Salander picked up a number of ominous vibrations as she browsed the emails of the news editor, Holm. He was fifty-eight and thus fell outside the group, but Salander had included him anyway because he and Berger had been at each other's throats. He was a schemer who wrote messages to various people telling them how someone had done a rotten job.



It was obvious to Salander that Holm did not like Berger, and he certainly wasted a lot of space talking about how the bitch had said this or done that. He used the Net exclusively for work-related sites. If he had other interests, he must google them in his own time on some other machine.



She kept him as a candidate for the title of Poison Pen, but he was not a favourite. Salander spent some time thinking about why she did not believe he was the one, and arrived at the conclusion that he was so damned arrogant he did not have to go to the trouble of using anonymous email. If he wanted to call Berger a whore, he would do it openly. And he did not seem the type to go sneaking into Berger's home in the middle of the night.



At 10.00 in the evening she took a break and went into [Idiotic_Table]. She saw that Blomkvist had not come back yet. She felt slightly peeved and wondered what he was up to, and whether he had made it in time to Teleborian's meeting.
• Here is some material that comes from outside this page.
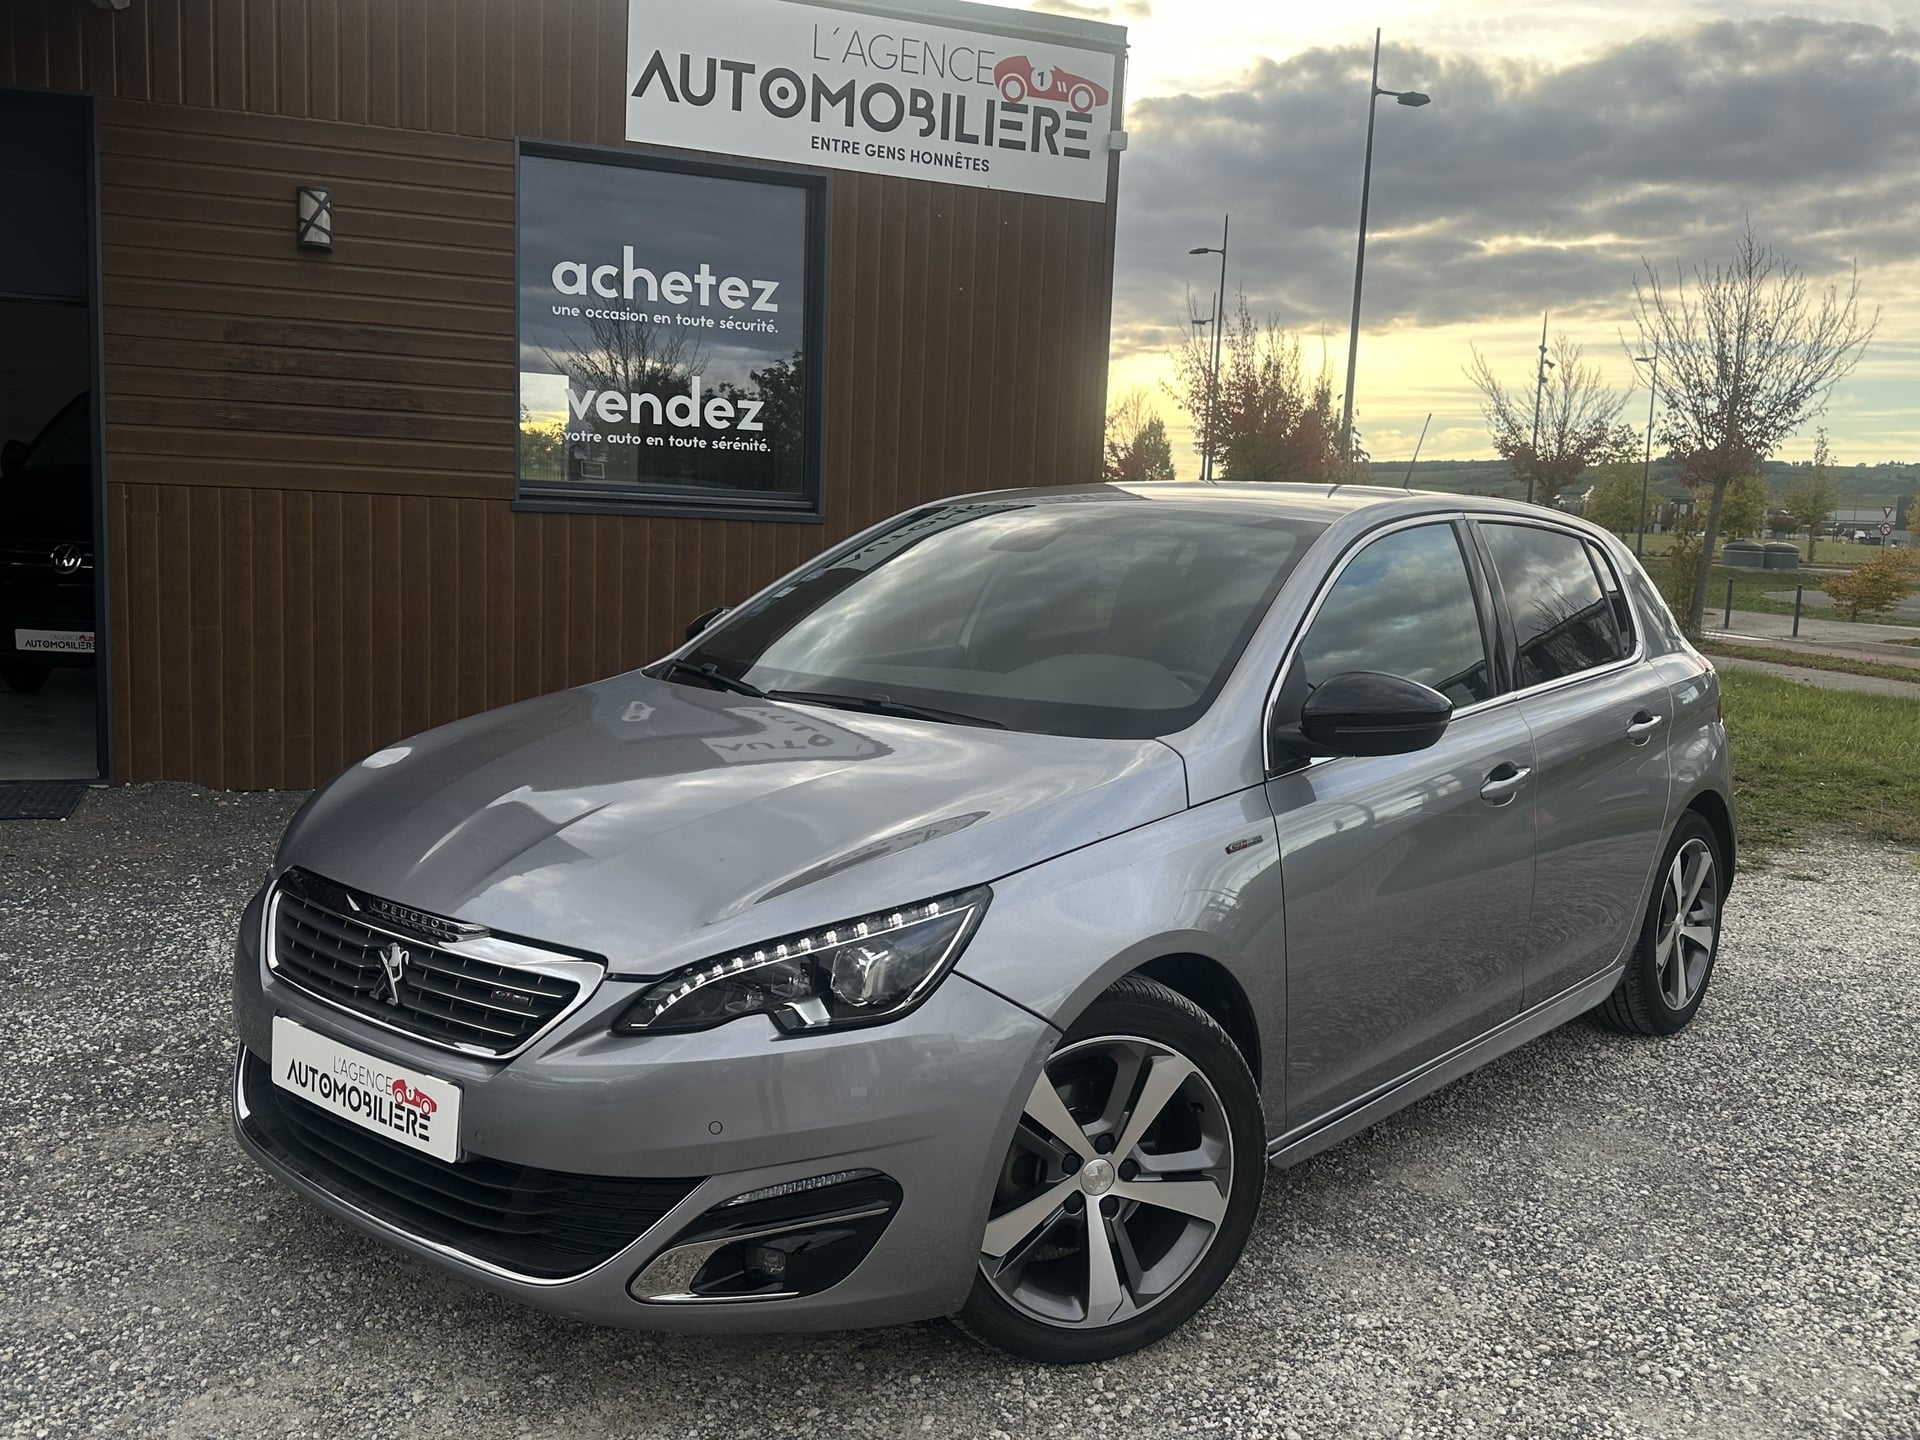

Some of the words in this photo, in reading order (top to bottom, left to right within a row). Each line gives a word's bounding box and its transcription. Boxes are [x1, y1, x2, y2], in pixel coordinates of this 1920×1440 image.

Then she went back into S.M.P.'s server.



She moved to the next name on the list, assistant sports editor Claes Lundin, twenty-nine. She had just opened his email when she stopped and bit her lip. She closed it again and went instead to Berger's.



She scrolled back in time. There was relatively little in her inbox, since her email account had been opened only on May 2. The very first message was a midday memo from Peter Fredriksson. In the course of Berger's first day several people had emailed her to welcome her to S.M.P.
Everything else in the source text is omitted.